It is also important to be able to describe defined portions of a sequence. The combination of some description and the corresponding sub-sequence is called a feature - an exon and its coordinates within a gene is an example of a feature, or a domain within a protein.
# the following methods return an array of SeqFeatureI objects:
$seqobj->get_SeqFeatures # The 'top level' sequence features
$seqobj->get_all_SeqFeatures # All sequence features, including sub-seq
# features, such as features in an exon
# to find out the number of features use:
$seqobj->feature_count
Here are just some of the methods available to SeqFeatureI objects:
# these methods return numbers:
$feat->start # start position (1 is the first base)
$feat->end # end position (2 is the second base)
$feat->strand # 1 means forward, -1 reverse, 0 not relevant
# these methods return or accept strings:
$feat->primary_tag # the name of the sequence feature, eg
# 'exon', 'glycoslyation site', 'TM domain'
$feat->source_tag # where the feature comes from, eg, 'EMBL_GenBank',
# or 'BLAST'
# this method returns the more austere PrimarySeq object, not a
# Seq object - the main difference is that PrimarySeq objects do not
# themselves contain sequence features
$feat->seq # the sequence between start,end on the
# correct strand of the sequence
See Bio::PrimarySeq for more details on PrimarySeq objects.
# useful methods for feature comparisons, for start/end points
$feat->overlaps($other) # do $feat and $other overlap?
$feat->contains($other) # is $other completely within $feat?
$feat->equals($other) # do $feat and $other completely agree?
# one can also add features
$seqobj->add_SeqFeature($feat) # returns 1 if successful
$seqobj->add_SeqFeature(@features) # returns 1 if successful
# sub features.
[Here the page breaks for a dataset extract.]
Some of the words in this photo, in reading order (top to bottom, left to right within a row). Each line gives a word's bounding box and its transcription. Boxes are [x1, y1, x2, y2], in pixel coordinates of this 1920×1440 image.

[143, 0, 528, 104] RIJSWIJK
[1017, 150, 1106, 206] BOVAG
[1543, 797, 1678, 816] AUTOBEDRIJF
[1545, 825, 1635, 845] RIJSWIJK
For complex join() statements, the feature
# is one sequence feature with many sub SeqFeatures
$feat->sub_SeqFeature # returns array of sub seq features
Please see Bio::SeqFeatureI and Bio::SeqFeature::Generic, for more information on sequence features.
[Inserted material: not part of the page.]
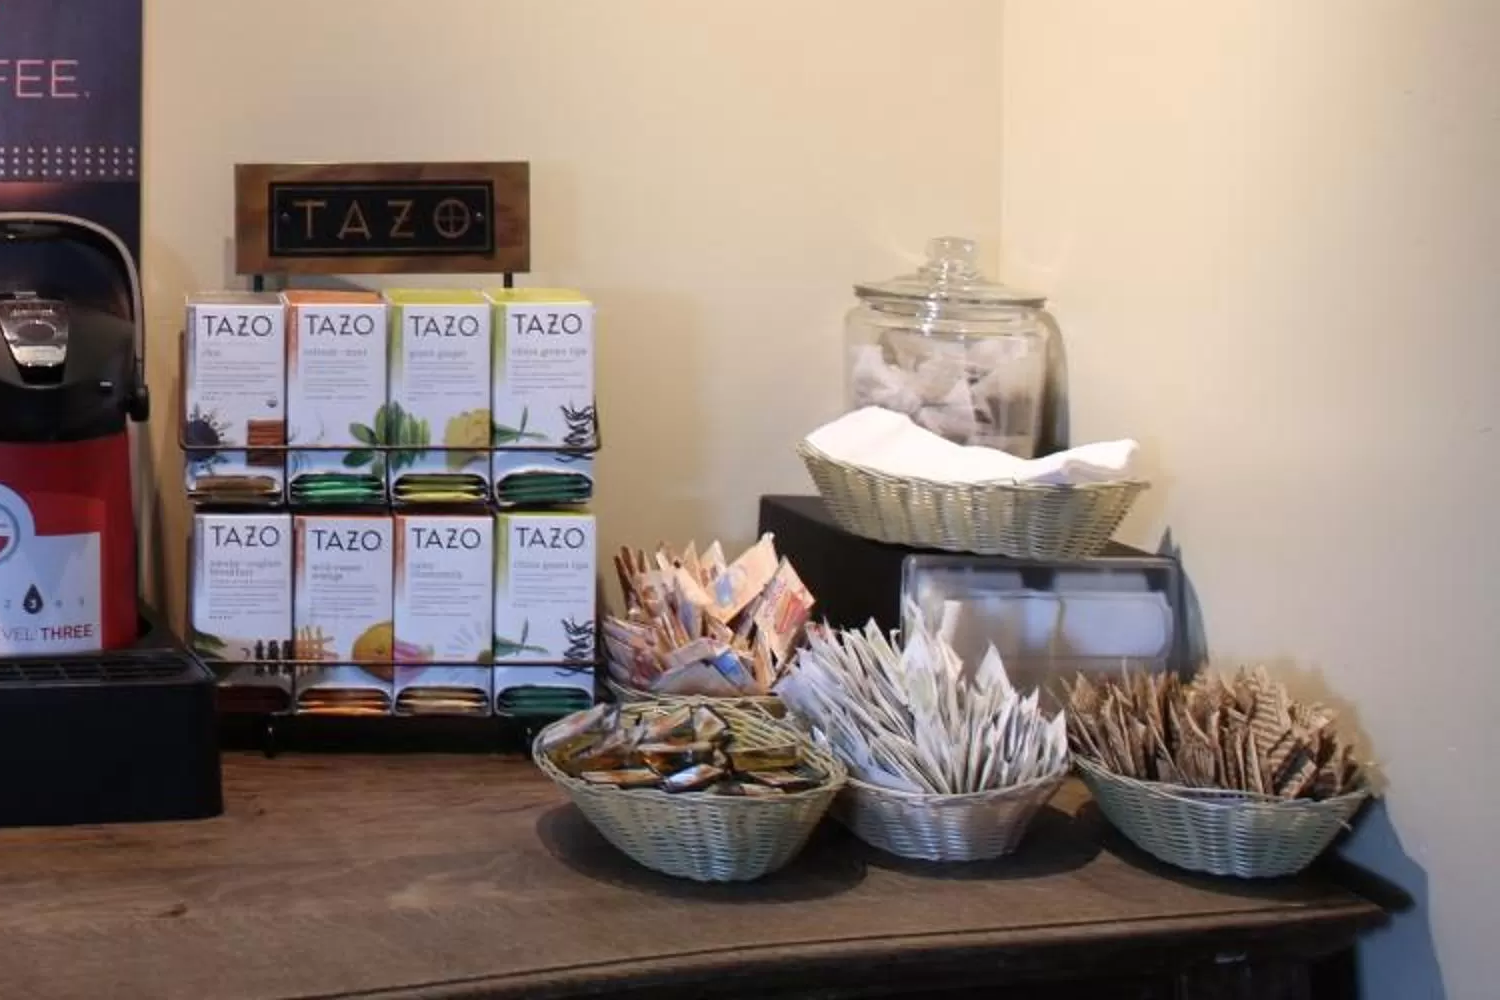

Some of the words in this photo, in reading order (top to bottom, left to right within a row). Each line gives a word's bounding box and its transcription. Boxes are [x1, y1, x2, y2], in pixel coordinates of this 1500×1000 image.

It is worth mentioning that one can also retrieve the start and end positions of a feature using a Bio::LocationI object:
$location = $feat->location # $location is a Bio::LocationI object
$location->start; # start position
$location->end; # end position
This is useful because one needs a Bio::Location::SplitLocationI object in order to retrieve the coordinates inside the Genbank or EMBL join() statements (e.g. "CDS join(51..142,273..495,1346..1474)"):
if ( $feat->location->isa('Bio::Location::SplitLocationI') &&
$feat->primary_tag eq 'CDS' ) {
foreach $loc ( $feat->location->sub_Location ) {
print $loc->start . ".." . $loc->end . "\n";
}
}
See Bio::LocationI and Bio::Location::SplitLocationI for more information.
Implemented Interfaces
This class implements the following interfaces.
- Bio::SeqI
-
Note that this includes implementing Bio::PrimarySeqI.
- Bio::IdentifiableI
- Bio::DescribableI
- Bio::AnnotatableI
- Bio::FeatureHolderI
FEEDBACK
Mailing Lists
User feedback is an integral part of the evolution of this and other Bioperl modules. Send your comments and suggestions preferably to one of the Bioperl mailing lists. Your participation is much appreciated.
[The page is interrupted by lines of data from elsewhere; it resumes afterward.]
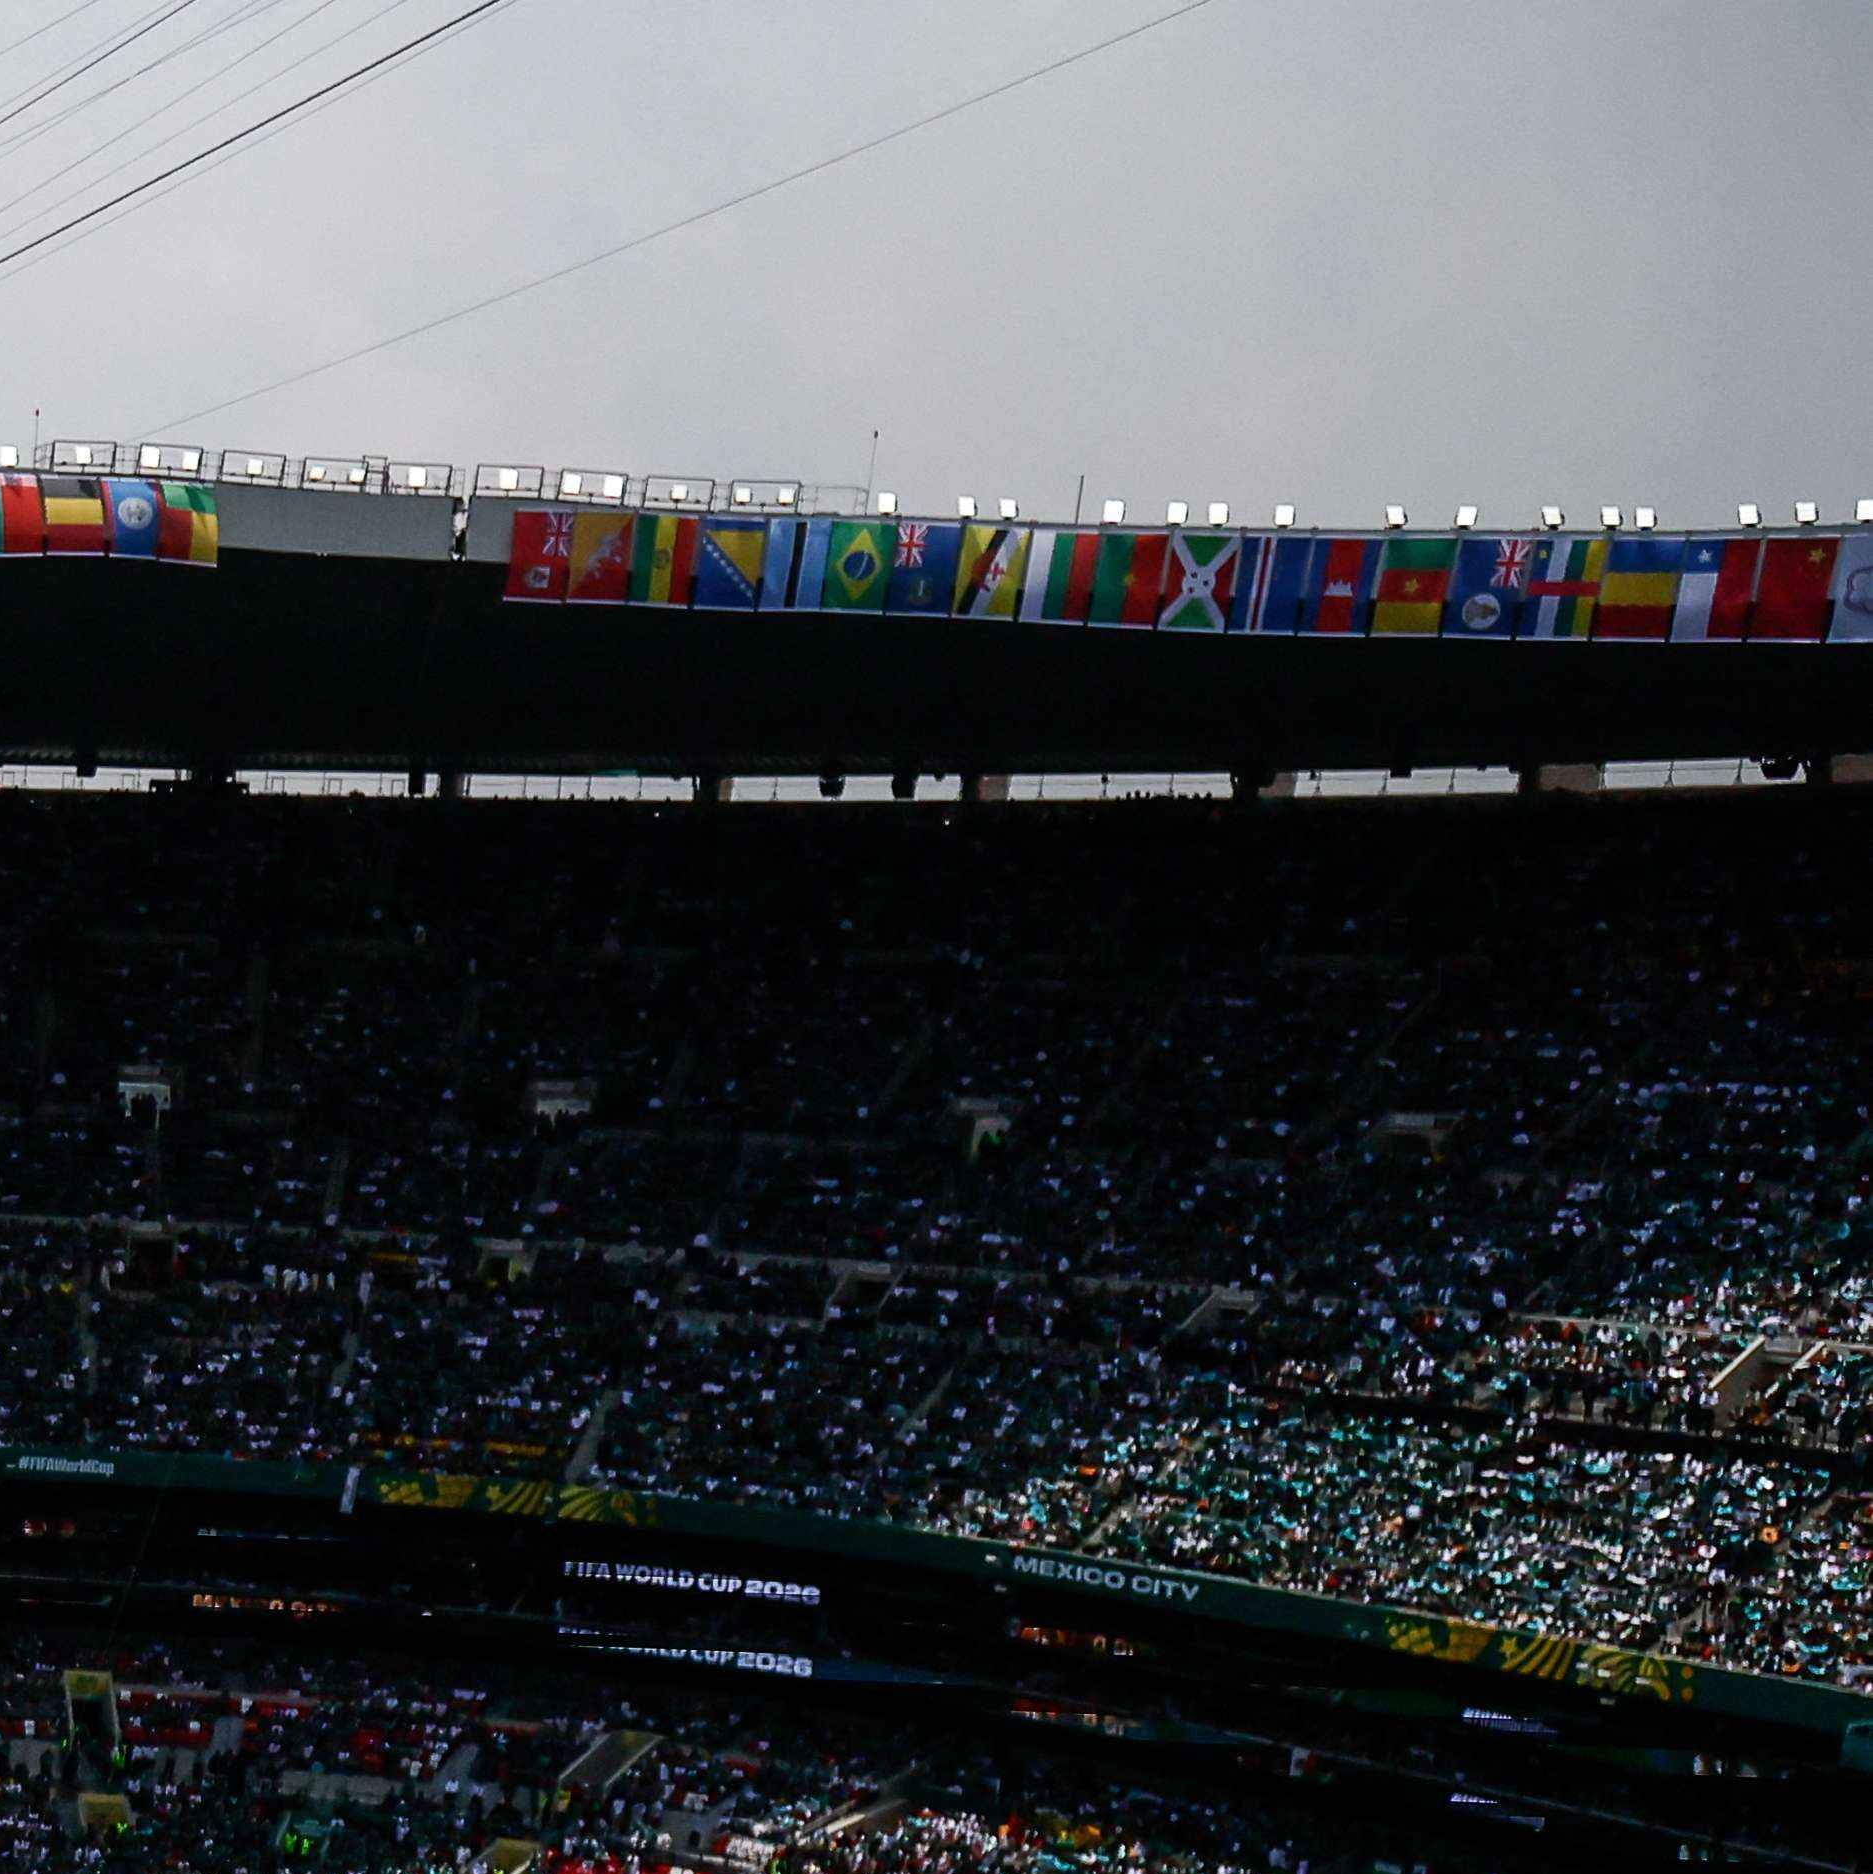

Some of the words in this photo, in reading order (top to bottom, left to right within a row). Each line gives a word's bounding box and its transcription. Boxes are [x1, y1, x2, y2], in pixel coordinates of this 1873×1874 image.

[563, 1561, 611, 1581] FIFA
[615, 1564, 695, 1591] WORLD
[697, 1572, 742, 1593] CUP
[1013, 1555, 1126, 1589] MEXICO
[1132, 1576, 1200, 1601] CITY
[736, 1651, 813, 1679] 2026
bioperl-l@bioperl.org - General discussion
http://bio.perl.org/MailList.html - About the mailing lists
Reporting Bugs
Report bugs to the Bioperl bug tracking system to help us keep track the bugs and their resolution. Bug reports can be submitted via email or the web:
bioperl-bugs@bioperl.org
http://bugzilla.bioperl.org/
AUTHOR - Ewan Birney, inspired by Ian Korf objects
Email birney@ebi.ac.uk
CONTRIBUTORS
Jason Stajich <jason@bioperl.org>
APPENDIX
The rest of the documentation details each of the object methods. Internal methods are usually preceded with a "_".
new
Title : new
Usage : $seq = Bio::Seq->new( -seq => 'ATGGGGGTGGTGGTACCCT',
-id => 'human_id',
-accession_number => 'AL000012',
);
Function: Returns a new Seq object from
basic constructors, being a string for the sequence
and strings for id and accession_number
Returns : a new Bio::Seq object
PrimarySeq interface
The PrimarySeq interface provides the basic sequence getting and setting methods for on all sequences.
These methods implement the Bio::PrimarySeq interface by delegating to the primary_seq inside the object. This means that you can use a Seq object wherever there is a PrimarySeq, and of course, you are free to use these functions anyway.
seq
Title : seq
Usage : $string = $obj->seq()
Function: Get/Set the sequence as a string of letters. The
case of the letters is left up to the implementer.
Suggested cases are upper case for proteins and lower case for
DNA sequence (IUPAC standard),
but implementations are suggested to keep an open mind about
case (some users... want mixed case!)
Returns : A scalar
Args : Optionally on set the new value (a string). An optional second
argument presets the alphabet (otherwise it will be guessed).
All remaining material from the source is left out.